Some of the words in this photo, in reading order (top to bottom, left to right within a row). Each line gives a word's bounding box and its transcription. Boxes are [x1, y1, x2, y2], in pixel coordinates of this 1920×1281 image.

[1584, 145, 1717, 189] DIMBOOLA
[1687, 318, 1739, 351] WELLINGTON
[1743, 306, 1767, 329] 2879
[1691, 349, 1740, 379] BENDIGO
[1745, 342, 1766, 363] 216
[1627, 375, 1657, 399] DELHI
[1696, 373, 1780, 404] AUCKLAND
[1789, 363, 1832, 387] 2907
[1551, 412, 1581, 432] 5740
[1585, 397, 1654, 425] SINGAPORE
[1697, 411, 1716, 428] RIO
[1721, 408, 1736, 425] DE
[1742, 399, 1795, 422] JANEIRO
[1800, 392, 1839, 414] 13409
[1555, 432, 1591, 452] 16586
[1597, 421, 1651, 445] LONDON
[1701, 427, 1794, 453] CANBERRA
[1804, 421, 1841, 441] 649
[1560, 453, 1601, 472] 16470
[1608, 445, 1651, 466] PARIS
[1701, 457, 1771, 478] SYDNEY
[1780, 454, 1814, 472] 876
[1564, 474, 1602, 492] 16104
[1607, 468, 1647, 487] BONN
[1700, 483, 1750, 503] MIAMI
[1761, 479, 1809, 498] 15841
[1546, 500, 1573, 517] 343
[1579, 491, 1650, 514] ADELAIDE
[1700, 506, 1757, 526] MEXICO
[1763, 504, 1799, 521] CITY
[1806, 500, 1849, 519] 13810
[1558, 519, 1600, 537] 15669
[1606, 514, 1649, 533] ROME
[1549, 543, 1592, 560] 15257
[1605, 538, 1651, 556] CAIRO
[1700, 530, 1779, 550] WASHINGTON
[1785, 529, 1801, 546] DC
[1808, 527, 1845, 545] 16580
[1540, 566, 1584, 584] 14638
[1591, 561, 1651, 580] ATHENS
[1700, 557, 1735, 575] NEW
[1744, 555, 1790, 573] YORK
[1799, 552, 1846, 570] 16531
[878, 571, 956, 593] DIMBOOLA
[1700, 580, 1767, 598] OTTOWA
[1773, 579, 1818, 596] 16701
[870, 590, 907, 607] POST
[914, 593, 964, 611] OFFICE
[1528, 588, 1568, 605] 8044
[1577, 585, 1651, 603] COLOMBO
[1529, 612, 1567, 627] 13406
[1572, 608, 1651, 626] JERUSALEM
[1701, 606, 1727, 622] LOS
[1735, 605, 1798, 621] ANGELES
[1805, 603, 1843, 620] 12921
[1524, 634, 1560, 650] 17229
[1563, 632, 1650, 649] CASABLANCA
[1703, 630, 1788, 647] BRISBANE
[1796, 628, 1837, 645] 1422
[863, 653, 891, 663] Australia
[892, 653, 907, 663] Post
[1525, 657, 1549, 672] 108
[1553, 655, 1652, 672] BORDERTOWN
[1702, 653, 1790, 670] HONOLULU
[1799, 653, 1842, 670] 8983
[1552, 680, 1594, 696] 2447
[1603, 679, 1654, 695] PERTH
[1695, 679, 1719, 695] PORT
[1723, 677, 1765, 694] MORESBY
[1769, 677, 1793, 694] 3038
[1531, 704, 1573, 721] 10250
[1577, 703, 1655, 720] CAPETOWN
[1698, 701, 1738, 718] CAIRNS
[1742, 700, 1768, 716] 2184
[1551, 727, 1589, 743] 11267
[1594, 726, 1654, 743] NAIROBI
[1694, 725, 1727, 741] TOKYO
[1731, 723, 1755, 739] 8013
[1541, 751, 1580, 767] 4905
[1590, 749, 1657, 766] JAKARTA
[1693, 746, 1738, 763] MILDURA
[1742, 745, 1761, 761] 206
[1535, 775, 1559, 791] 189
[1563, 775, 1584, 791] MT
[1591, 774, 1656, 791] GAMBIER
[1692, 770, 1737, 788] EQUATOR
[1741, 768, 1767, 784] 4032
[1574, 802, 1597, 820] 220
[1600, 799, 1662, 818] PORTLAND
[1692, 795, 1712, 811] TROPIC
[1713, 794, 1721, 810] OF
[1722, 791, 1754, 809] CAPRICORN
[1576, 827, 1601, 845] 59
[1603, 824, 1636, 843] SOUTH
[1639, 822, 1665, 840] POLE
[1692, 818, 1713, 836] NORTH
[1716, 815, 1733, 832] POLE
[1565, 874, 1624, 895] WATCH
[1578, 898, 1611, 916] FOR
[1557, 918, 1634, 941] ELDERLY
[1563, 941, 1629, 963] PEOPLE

====

WORK TO COMPLETE:
All the entries should be output exactly as given.

RESPONSE TO THIS TASK:
Some of the words in this photo, in reading order (top to bottom, left to right within a row). Each line gives a word's bounding box and its transcription. Boxes are [x1, y1, x2, y2], in pixel coordinates of this 1920×1281 image.

[1584, 145, 1717, 189] DIMBOOLA
[1687, 318, 1739, 351] WELLINGTON
[1743, 306, 1767, 329] 2879
[1691, 349, 1740, 379] BENDIGO
[1745, 342, 1766, 363] 216
[1627, 375, 1657, 399] DELHI
[1696, 373, 1780, 404] AUCKLAND
[1789, 363, 1832, 387] 2907
[1551, 412, 1581, 432] 5740
[1585, 397, 1654, 425] SINGAPORE
[1697, 411, 1716, 428] RIO
[1721, 408, 1736, 425] DE
[1742, 399, 1795, 422] JANEIRO
[1800, 392, 1839, 414] 13409
[1555, 432, 1591, 452] 16586
[1597, 421, 1651, 445] LONDON
[1701, 427, 1794, 453] CANBERRA
[1804, 421, 1841, 441] 649
[1560, 453, 1601, 472] 16470
[1608, 445, 1651, 466] PARIS
[1701, 457, 1771, 478] SYDNEY
[1780, 454, 1814, 472] 876
[1564, 474, 1602, 492] 16104
[1607, 468, 1647, 487] BONN
[1700, 483, 1750, 503] MIAMI
[1761, 479, 1809, 498] 15841
[1546, 500, 1573, 517] 343
[1579, 491, 1650, 514] ADELAIDE
[1700, 506, 1757, 526] MEXICO
[1763, 504, 1799, 521] CITY
[1806, 500, 1849, 519] 13810
[1558, 519, 1600, 537] 15669
[1606, 514, 1649, 533] ROME
[1549, 543, 1592, 560] 15257
[1605, 538, 1651, 556] CAIRO
[1700, 530, 1779, 550] WASHINGTON
[1785, 529, 1801, 546] DC
[1808, 527, 1845, 545] 16580
[1540, 566, 1584, 584] 14638
[1591, 561, 1651, 580] ATHENS
[1700, 557, 1735, 575] NEW
[1744, 555, 1790, 573] YORK
[1799, 552, 1846, 570] 16531
[878, 571, 956, 593] DIMBOOLA
[1700, 580, 1767, 598] OTTOWA
[1773, 579, 1818, 596] 16701
[870, 590, 907, 607] POST
[914, 593, 964, 611] OFFICE
[1528, 588, 1568, 605] 8044
[1577, 585, 1651, 603] COLOMBO
[1529, 612, 1567, 627] 13406
[1572, 608, 1651, 626] JERUSALEM
[1701, 606, 1727, 622] LOS
[1735, 605, 1798, 621] ANGELES
[1805, 603, 1843, 620] 12921
[1524, 634, 1560, 650] 17229
[1563, 632, 1650, 649] CASABLANCA
[1703, 630, 1788, 647] BRISBANE
[1796, 628, 1837, 645] 1422
[863, 653, 891, 663] Australia
[892, 653, 907, 663] Post
[1525, 657, 1549, 672] 108
[1553, 655, 1652, 672] BORDERTOWN
[1702, 653, 1790, 670] HONOLULU
[1799, 653, 1842, 670] 8983
[1552, 680, 1594, 696] 2447
[1603, 679, 1654, 695] PERTH
[1695, 679, 1719, 695] PORT
[1723, 677, 1765, 694] MORESBY
[1769, 677, 1793, 694] 3038
[1531, 704, 1573, 721] 10250
[1577, 703, 1655, 720] CAPETOWN
[1698, 701, 1738, 718] CAIRNS
[1742, 700, 1768, 716] 2184
[1551, 727, 1589, 743] 11267
[1594, 726, 1654, 743] NAIROBI
[1694, 725, 1727, 741] TOKYO
[1731, 723, 1755, 739] 8013
[1541, 751, 1580, 767] 4905
[1590, 749, 1657, 766] JAKARTA
[1693, 746, 1738, 763] MILDURA
[1742, 745, 1761, 761] 206
[1535, 775, 1559, 791] 189
[1563, 775, 1584, 791] MT
[1591, 774, 1656, 791] GAMBIER
[1692, 770, 1737, 788] EQUATOR
[1741, 768, 1767, 784] 4032
[1574, 802, 1597, 820] 220
[1600, 799, 1662, 818] PORTLAND
[1692, 795, 1712, 811] TROPIC
[1713, 794, 1721, 810] OF
[1722, 791, 1754, 809] CAPRICORN
[1576, 827, 1601, 845] 59
[1603, 824, 1636, 843] SOUTH
[1639, 822, 1665, 840] POLE
[1692, 818, 1713, 836] NORTH
[1716, 815, 1733, 832] POLE
[1565, 874, 1624, 895] WATCH
[1578, 898, 1611, 916] FOR
[1557, 918, 1634, 941] ELDERLY
[1563, 941, 1629, 963] PEOPLE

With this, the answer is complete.